Quantum Speed Limit and optimal evolution time in a two-level system

TL;DR

This paper investigates the quantum speed limit in time-dependent two-level systems, specifically analyzing the Landau-Zener Hamiltonian, to understand the minimal evolution times in quantum control scenarios.

Contribution

It explores the relation between optimal control times and quantum speed limits in time-dependent two-level systems, an area less studied compared to time-independent cases.

Findings

Derived bounds for minimal evolution times in time-dependent systems.

Analyzed the Landau-Zener model in the context of quantum speed limits.

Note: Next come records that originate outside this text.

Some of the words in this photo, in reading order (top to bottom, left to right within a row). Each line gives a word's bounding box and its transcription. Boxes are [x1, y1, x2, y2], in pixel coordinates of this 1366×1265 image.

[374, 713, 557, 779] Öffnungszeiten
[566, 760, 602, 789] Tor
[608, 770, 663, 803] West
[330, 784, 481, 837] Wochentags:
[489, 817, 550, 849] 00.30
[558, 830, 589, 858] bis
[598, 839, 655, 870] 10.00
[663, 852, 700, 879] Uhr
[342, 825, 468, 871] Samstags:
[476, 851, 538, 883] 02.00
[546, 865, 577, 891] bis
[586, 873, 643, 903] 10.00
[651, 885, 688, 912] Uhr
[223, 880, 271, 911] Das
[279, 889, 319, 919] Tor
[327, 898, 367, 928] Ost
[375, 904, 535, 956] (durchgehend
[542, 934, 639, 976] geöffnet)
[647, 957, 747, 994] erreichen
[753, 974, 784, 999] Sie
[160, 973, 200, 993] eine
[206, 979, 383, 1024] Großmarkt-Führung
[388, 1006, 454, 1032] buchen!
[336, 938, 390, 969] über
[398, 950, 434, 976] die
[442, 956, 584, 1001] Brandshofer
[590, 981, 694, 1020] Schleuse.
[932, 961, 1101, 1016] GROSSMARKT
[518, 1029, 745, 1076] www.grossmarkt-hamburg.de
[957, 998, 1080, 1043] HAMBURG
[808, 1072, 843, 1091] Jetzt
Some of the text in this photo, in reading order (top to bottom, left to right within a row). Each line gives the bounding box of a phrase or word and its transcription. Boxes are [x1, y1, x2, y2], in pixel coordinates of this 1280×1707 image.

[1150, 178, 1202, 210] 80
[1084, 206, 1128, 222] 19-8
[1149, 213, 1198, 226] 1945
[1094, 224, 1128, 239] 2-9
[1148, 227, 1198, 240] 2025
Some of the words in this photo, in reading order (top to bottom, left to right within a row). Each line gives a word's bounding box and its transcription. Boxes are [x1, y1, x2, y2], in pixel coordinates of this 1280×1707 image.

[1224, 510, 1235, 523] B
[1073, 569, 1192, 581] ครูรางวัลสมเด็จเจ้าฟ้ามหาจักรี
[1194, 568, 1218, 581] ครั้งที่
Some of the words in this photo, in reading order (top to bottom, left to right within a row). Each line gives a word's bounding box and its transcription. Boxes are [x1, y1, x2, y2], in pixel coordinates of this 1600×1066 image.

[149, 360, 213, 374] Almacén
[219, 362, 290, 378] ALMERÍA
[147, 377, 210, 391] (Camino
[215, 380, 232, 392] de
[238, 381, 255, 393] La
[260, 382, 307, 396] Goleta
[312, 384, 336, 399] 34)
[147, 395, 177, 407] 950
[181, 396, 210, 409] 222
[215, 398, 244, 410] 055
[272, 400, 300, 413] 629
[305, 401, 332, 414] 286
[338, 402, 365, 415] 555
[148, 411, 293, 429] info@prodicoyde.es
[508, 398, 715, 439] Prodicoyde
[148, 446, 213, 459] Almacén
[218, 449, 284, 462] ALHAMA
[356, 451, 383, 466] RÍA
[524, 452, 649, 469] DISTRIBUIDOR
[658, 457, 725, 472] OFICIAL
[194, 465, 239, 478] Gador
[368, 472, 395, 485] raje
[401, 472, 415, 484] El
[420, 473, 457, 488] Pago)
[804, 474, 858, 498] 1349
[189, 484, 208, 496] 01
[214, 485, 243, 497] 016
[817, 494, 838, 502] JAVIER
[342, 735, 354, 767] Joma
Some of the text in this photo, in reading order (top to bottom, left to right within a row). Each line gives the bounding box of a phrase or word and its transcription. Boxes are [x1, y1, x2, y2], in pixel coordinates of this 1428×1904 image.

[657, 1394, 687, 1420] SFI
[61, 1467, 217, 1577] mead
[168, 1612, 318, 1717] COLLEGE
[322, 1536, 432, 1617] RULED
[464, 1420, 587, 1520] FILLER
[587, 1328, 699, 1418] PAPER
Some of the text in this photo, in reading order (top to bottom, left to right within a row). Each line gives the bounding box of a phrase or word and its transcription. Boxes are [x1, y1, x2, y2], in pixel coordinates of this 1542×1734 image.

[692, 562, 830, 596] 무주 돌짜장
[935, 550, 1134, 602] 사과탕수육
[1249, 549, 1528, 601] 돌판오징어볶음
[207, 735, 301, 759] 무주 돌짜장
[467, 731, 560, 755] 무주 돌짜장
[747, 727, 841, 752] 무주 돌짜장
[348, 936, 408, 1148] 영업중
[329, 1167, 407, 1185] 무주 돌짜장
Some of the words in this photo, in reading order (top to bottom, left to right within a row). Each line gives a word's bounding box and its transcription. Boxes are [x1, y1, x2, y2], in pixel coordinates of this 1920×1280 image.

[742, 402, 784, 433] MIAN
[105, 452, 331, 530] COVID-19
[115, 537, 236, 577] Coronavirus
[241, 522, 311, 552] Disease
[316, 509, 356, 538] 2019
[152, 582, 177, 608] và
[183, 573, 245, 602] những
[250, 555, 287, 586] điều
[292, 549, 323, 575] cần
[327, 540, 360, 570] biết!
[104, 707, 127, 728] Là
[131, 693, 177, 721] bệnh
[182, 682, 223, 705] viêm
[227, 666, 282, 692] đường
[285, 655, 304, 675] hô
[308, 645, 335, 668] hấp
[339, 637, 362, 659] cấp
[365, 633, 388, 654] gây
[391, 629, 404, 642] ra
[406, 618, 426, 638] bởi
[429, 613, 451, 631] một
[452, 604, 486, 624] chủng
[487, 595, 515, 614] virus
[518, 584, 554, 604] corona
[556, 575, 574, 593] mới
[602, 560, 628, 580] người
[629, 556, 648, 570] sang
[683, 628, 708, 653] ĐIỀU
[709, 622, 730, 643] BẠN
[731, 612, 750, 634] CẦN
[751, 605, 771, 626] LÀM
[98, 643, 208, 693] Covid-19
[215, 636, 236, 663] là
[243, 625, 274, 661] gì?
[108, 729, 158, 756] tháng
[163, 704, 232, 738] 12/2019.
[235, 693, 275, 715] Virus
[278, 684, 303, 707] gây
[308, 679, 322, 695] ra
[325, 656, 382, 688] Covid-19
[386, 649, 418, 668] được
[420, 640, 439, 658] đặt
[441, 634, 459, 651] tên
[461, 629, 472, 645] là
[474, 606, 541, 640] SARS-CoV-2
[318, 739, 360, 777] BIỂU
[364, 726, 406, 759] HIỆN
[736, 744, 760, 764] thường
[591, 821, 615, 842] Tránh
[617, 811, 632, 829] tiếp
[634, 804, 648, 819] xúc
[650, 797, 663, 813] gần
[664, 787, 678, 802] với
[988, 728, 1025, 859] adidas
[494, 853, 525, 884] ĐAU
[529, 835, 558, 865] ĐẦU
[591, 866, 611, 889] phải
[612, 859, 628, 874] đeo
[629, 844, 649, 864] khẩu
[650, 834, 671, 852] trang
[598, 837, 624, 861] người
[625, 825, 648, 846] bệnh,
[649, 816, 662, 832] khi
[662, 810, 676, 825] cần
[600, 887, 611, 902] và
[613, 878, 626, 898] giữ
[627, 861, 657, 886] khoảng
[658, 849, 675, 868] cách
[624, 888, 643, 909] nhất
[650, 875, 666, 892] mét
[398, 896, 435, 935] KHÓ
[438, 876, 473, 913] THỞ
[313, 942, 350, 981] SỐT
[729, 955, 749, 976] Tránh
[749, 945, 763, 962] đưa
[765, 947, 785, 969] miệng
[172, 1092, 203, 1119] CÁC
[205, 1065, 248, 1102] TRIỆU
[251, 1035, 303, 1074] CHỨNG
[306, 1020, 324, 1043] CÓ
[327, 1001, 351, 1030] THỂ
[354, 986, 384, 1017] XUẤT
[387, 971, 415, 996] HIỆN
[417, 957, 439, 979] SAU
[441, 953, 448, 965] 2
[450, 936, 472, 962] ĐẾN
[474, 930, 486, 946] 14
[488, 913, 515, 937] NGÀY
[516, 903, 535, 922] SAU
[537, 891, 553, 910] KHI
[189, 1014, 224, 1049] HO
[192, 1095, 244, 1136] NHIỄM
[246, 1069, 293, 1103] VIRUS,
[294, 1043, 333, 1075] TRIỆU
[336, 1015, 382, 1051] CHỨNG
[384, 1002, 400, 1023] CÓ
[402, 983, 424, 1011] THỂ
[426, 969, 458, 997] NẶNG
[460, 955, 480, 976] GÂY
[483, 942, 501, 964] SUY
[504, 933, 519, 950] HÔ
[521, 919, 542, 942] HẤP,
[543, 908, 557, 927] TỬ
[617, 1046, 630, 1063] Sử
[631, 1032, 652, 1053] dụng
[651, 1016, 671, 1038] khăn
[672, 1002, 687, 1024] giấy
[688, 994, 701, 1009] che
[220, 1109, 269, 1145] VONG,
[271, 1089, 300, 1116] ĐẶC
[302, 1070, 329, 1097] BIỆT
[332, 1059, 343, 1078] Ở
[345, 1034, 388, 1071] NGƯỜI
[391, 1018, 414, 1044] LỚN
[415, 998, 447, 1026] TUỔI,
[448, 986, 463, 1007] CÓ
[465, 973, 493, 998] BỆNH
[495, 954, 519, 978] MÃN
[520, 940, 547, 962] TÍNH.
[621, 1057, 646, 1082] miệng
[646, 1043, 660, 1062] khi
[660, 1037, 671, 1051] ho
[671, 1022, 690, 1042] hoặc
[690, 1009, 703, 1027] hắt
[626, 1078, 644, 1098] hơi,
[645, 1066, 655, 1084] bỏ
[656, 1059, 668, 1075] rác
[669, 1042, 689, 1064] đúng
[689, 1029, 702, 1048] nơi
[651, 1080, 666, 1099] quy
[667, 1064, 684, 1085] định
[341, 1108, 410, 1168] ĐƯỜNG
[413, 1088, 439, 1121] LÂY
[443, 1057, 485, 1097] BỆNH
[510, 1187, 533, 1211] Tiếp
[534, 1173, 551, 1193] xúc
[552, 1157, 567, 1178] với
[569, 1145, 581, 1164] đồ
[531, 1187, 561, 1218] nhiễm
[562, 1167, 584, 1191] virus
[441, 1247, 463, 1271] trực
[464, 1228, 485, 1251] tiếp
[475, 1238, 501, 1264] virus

Provided insights into quantum control optimization.

Abstract

Quantum mechanics establishes a fundamental bound for the minimum evolution time between two states of a given system. Known as the quantum speed limit (QSL), it is a useful tool in the context of quantum control, where the speed of some control protocol is usually intended to be as large as possible. While QSL expressions for time-independent hamiltonians have been well studied, the time-dependent regime has remained somewhat unexplored, albeit being usually the relevant problem to be compared with when studying systems controlled by external fields. In this paper we explore the relation between optimal times found in quantum control and the QSL bound, in the (relevant) time-dependent regime, by discussing the ubiquitous two-level Landau-Zener type hamiltonian.